Only a number is wanted: how many lines in these records contain the word "LIVE"?

================================

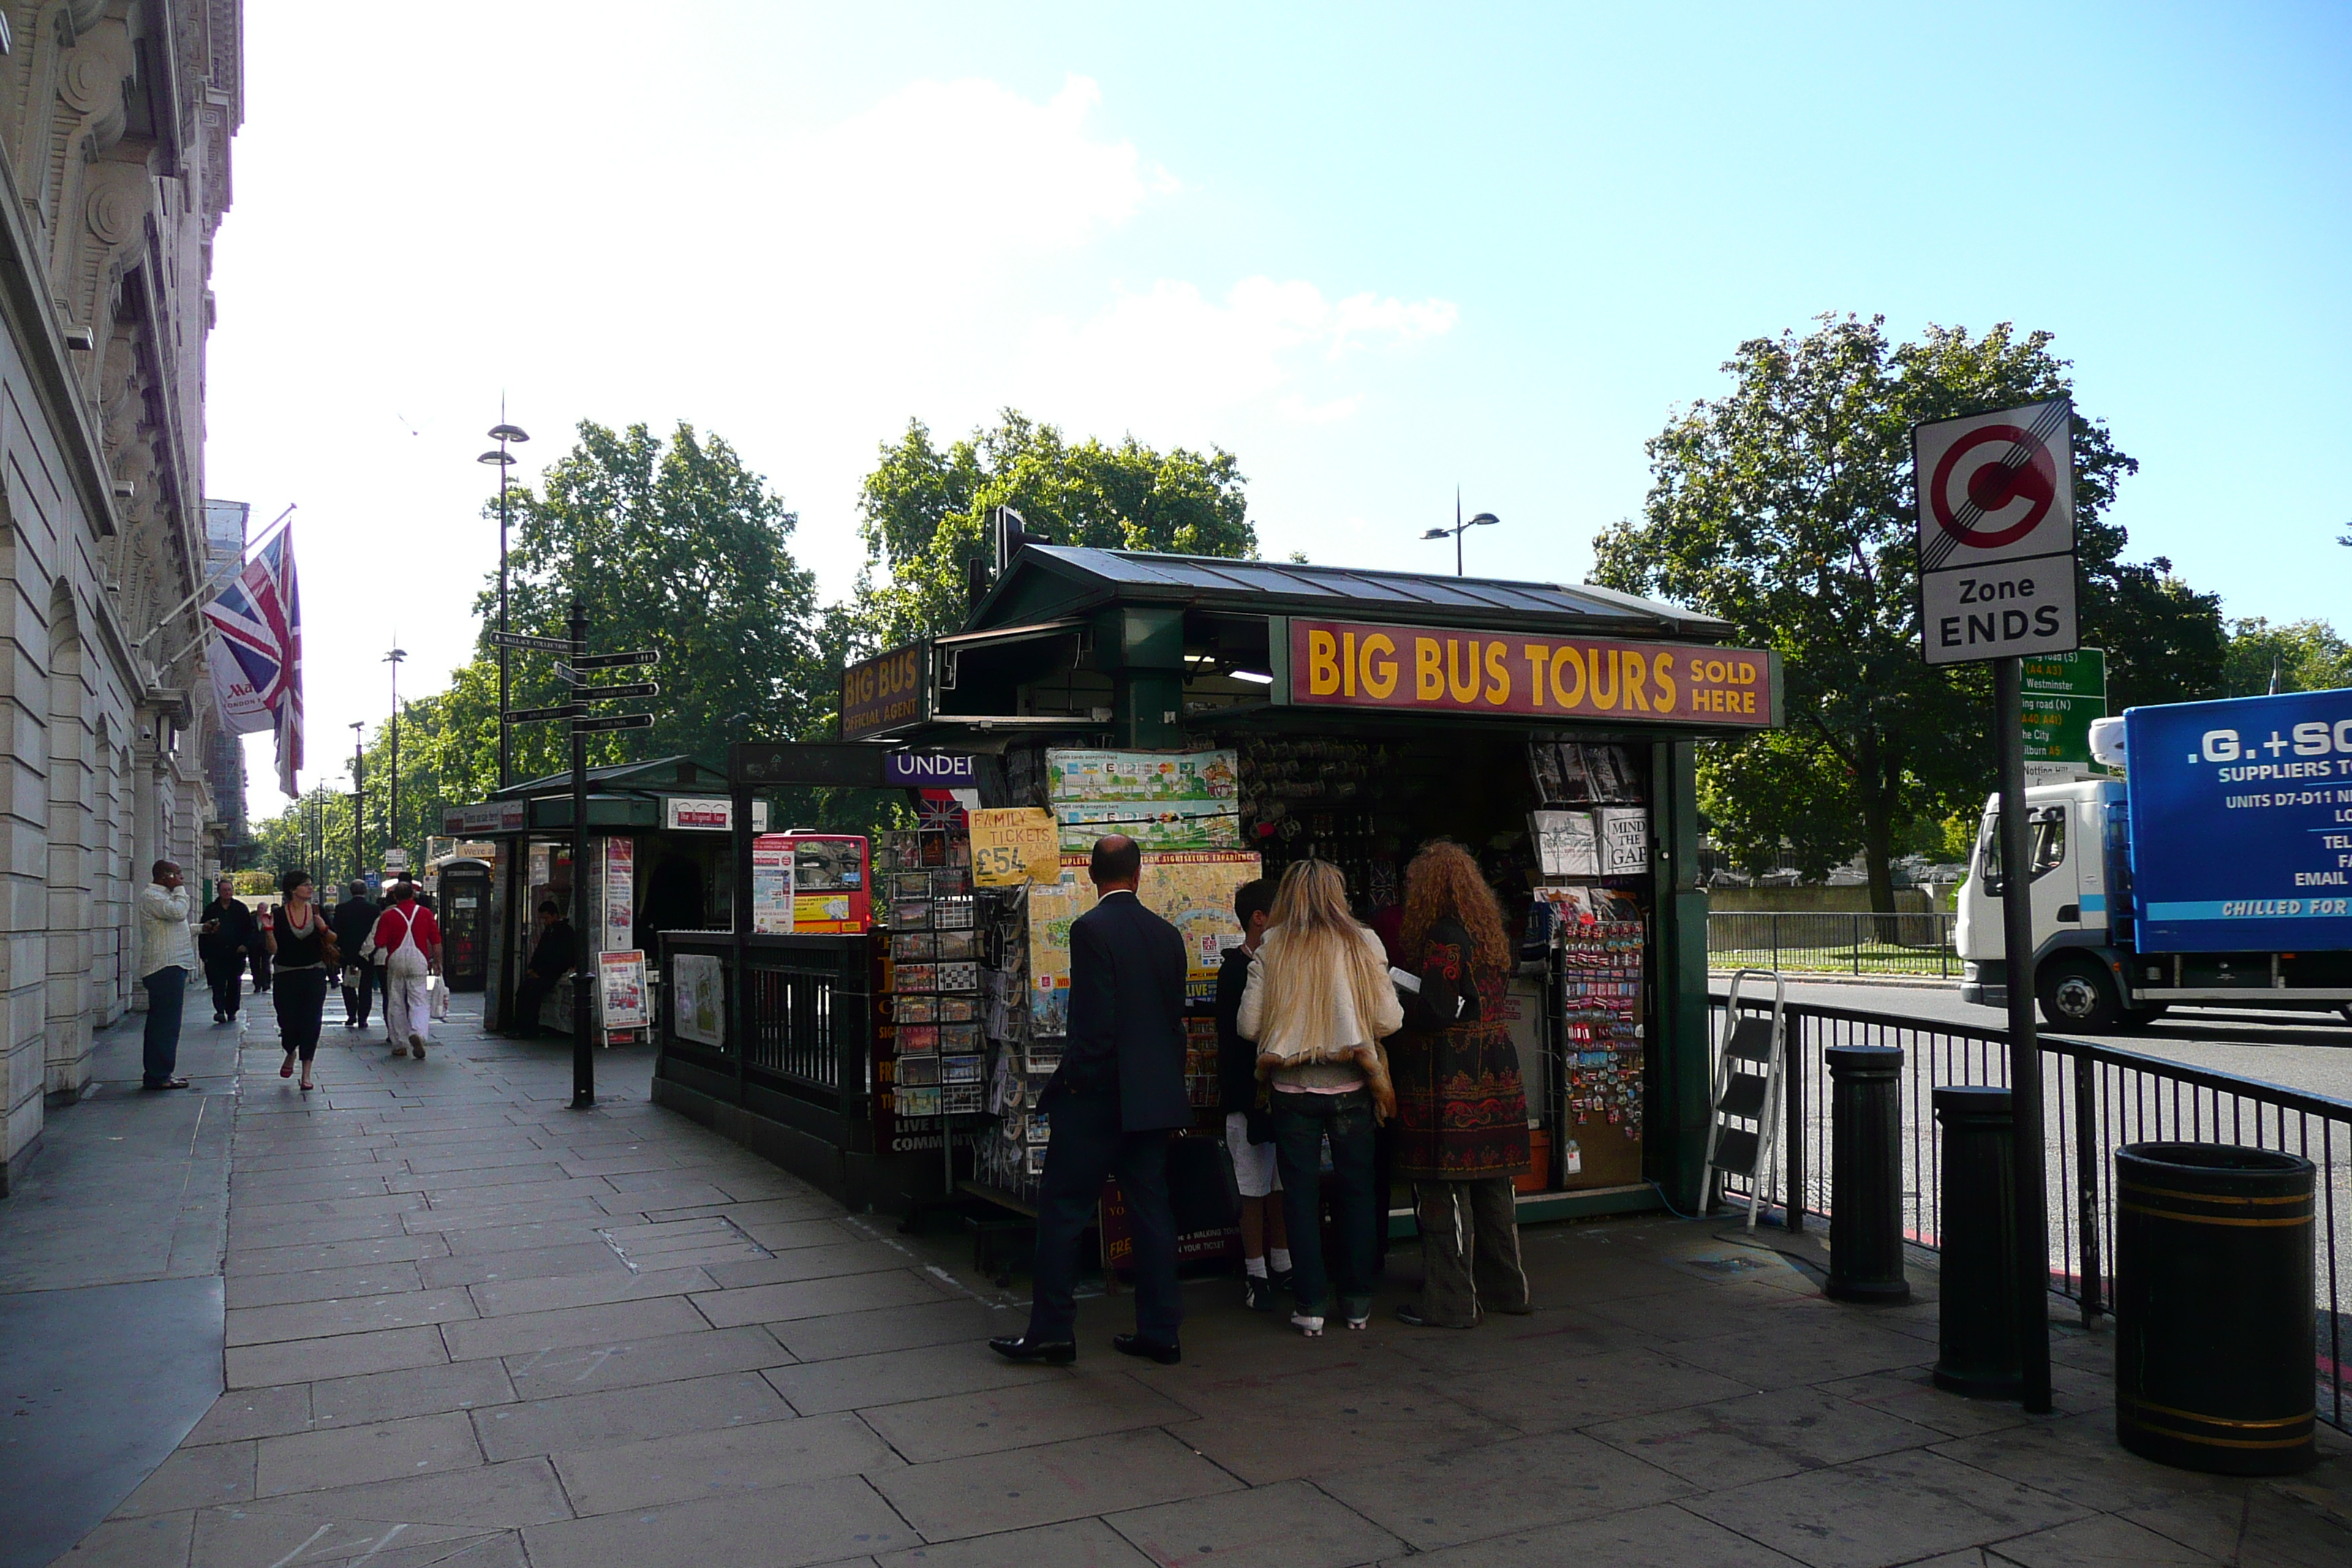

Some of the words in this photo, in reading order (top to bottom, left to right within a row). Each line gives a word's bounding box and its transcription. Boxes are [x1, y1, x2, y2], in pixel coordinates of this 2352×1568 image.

[1959, 578, 2035, 604] Zone
[1940, 605, 2059, 647] ENDS
[504, 636, 531, 645] WALLACE
[533, 641, 568, 649] COLLECTION
[1308, 630, 1398, 699] BIG
[1415, 637, 1511, 705] BUS
[1524, 644, 1676, 713] TOURS
[1691, 659, 1756, 685] SOLD
[2046, 665, 2062, 676] A3)
[845, 666, 874, 709] BIG
[878, 650, 916, 698] BUS
[2027, 678, 2074, 690] Westminster
[1692, 689, 1756, 714] HERE
[2022, 699, 2033, 710] ing
[2036, 698, 2054, 710] road
[2056, 698, 2071, 712] (N)
[844, 709, 881, 731] OFFICIAL
[883, 698, 917, 722] AGENT
[2022, 729, 2032, 739] he
[2034, 730, 2050, 742] City
[2024, 745, 2047, 755] ilburn
[2048, 746, 2061, 755] A5
[2218, 761, 2332, 783] SUPPLIERS
[2336, 759, 2352, 774] T
[2225, 794, 2271, 809] UNITS
[2274, 791, 2332, 806] D7-D11
[2337, 789, 2352, 803] N
[752, 818, 764, 826] ere!
[974, 811, 1026, 827] FAMILY
[1612, 821, 1646, 835] MIND
[990, 828, 1050, 845] TICKETS
[1617, 834, 1641, 846] THE
[464, 847, 486, 856] We're
[1163, 854, 1210, 863] SIGHTSEEING
[1213, 853, 1255, 862] EXPERIENCE
[976, 847, 1026, 875] £54
[2295, 871, 2349, 886] EMAIL
[2222, 900, 2302, 917] CHILLED
[2310, 899, 2348, 915] FOR
[1186, 984, 1207, 997] LIVE
[901, 1025, 938, 1033] LONDON
[894, 1118, 930, 1134] LIVE
[1193, 1228, 1222, 1240] WALKING
[1183, 1243, 1202, 1253] YOUR
[1203, 1240, 1225, 1251] TICKET

================================

> _Exercise solution_
2